Last week I read the first two books of the Kane Chronicles written by Rick Riordan: The Red Pyramid and The Throne of Fire. I must admit that the books were a very racy read. I could barely put them down.
I have read practically all the Percy Jackson books and am a huge fan. I liked the dual point of view of storytelling adopted by the author for the Kane Chronicles Series. The story is told in the form of recordings by the siblings. The brother and sister take turns to narrate the story.
Every alternate chapter is told from the point of view of either the brother Carter or the sister Sadie. To avoid confusion, beside the chapter headline is the name of whoever is telling that part of the story.

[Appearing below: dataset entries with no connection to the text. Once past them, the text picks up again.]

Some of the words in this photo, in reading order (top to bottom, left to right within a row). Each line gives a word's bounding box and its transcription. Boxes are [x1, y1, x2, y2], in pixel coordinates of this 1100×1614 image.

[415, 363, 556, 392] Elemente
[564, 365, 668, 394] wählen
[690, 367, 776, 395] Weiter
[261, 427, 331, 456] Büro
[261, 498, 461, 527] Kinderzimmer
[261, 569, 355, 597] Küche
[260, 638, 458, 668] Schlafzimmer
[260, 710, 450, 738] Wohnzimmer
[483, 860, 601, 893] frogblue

Rick has completely dispensed with not just a long winded introduction, but with any introduction. He plunges his readers into the heart of the problem where the siblings’ father, the brilliant Epyptologist Dr Julius Kane blows up the British Musuem.

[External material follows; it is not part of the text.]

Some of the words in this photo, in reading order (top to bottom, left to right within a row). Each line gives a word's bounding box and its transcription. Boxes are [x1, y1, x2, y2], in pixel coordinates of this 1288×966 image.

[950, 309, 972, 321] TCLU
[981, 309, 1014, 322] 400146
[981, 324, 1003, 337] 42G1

What the author has given the readers is a ticket to a roller coaster ride. The readers get to know the siblings as the story progresses; just bits and pieces about their life.

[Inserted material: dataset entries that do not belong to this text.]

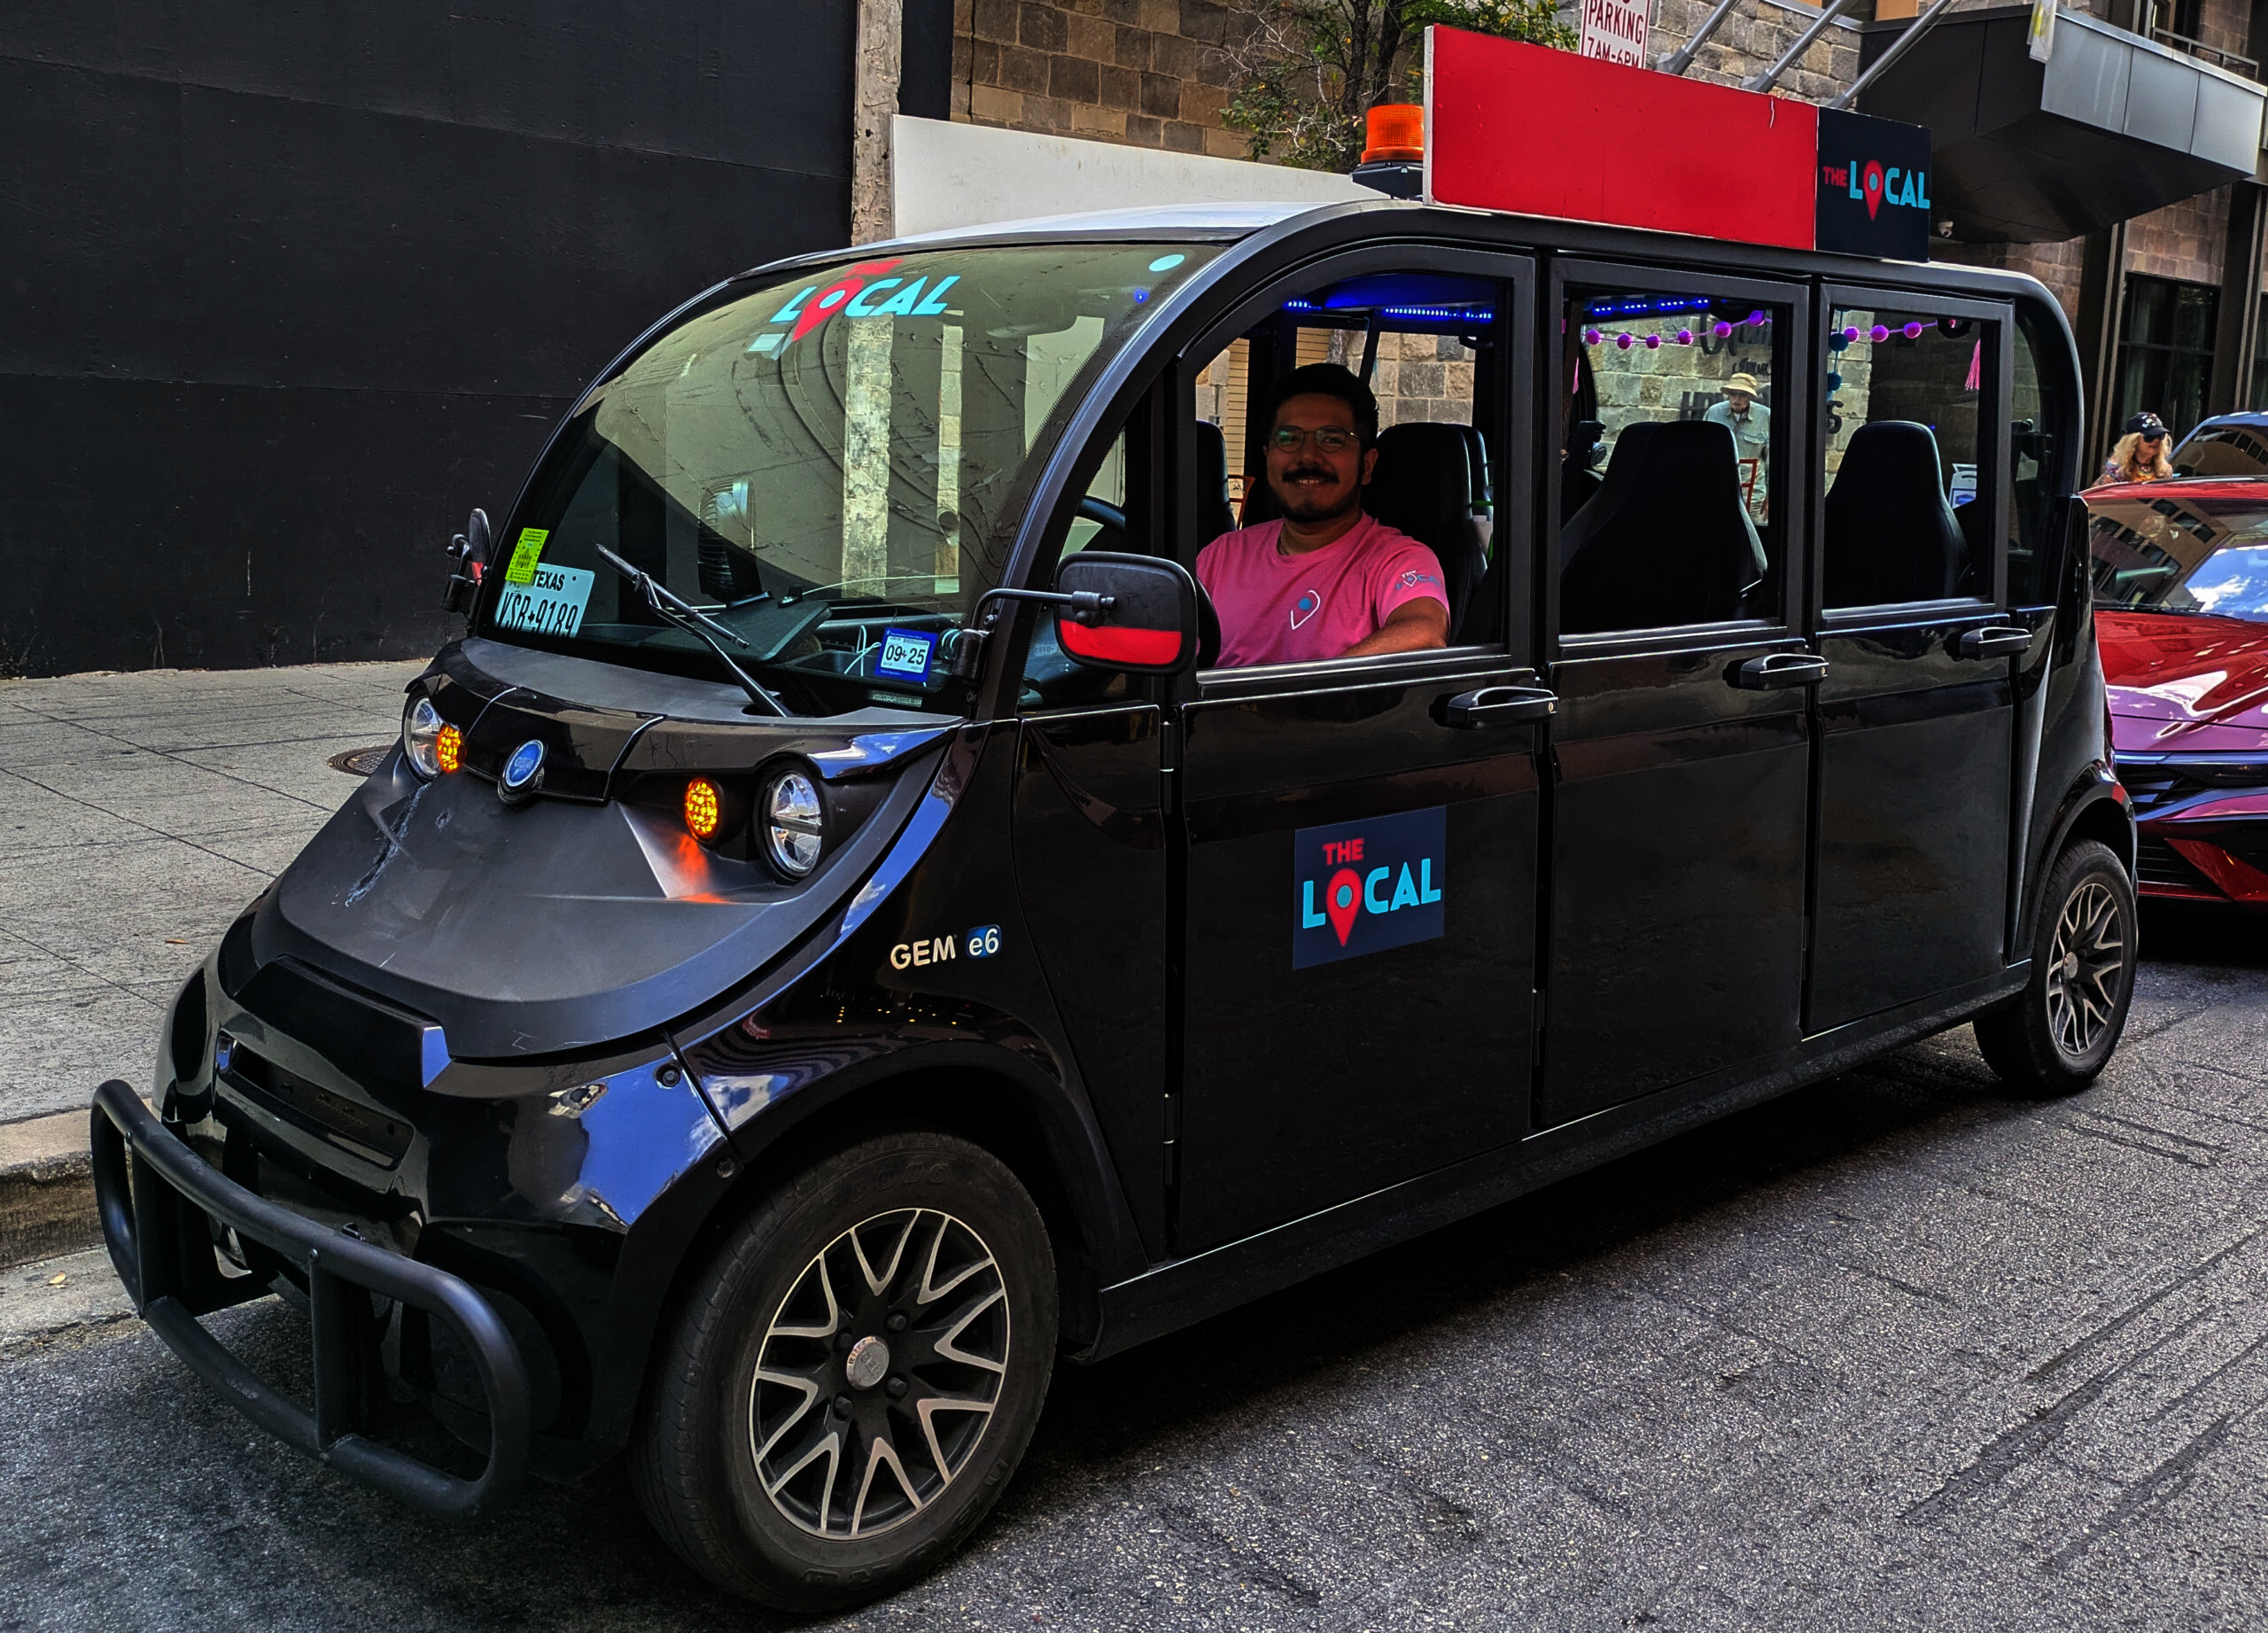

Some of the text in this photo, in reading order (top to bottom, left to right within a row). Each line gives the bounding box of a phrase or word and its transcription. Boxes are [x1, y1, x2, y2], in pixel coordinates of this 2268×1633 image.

[1588, 0, 1643, 44] PARKING
[1823, 166, 1847, 187] THE
[532, 570, 565, 591] TEXAS
[886, 644, 927, 665] 09 25
[1323, 837, 1364, 866] THE
[890, 928, 999, 970] GEM e6

Another master stroke adopted by the author is the number of ancient Egyptian Gods who make their entry throughout the books. The author has added oodles of appeal to all the Gods. What I liked a lot was the author’s complete hatred for long winded explanations about the myths and legends surrounding each and every God. Its literally a case of , “Hi I am Bast, Goddess of cats and I am here to help you two.”
The author has blended Egyptian myths and history seamlessly into the story, facts have been woven and what has emerged is a tapestry of fiction. Boredom has been denied entry.
There is action on every page. Every page sees the two siblings fighting fierce monsters. These monsters have been sent by Set; a God of Ancient Egypt. Dollops of humour urge the story along.
Improvisation is the name of the game where the author is concerned. A god who drives an RV and travels by plane. A blood thirsty monster (as the legend says) is given several pints of Salsa sauce, a basketball loving baboon and a Dwarf who wears a blue Speedo and has trouble in his love life all make for an amusing and great read.
What do you all think of Rick Riordan’s unique way of story telling and his take on the Egyptian Gods and myth. Is there anything in particular you all have learnt from Rick Riordan? Please share with us?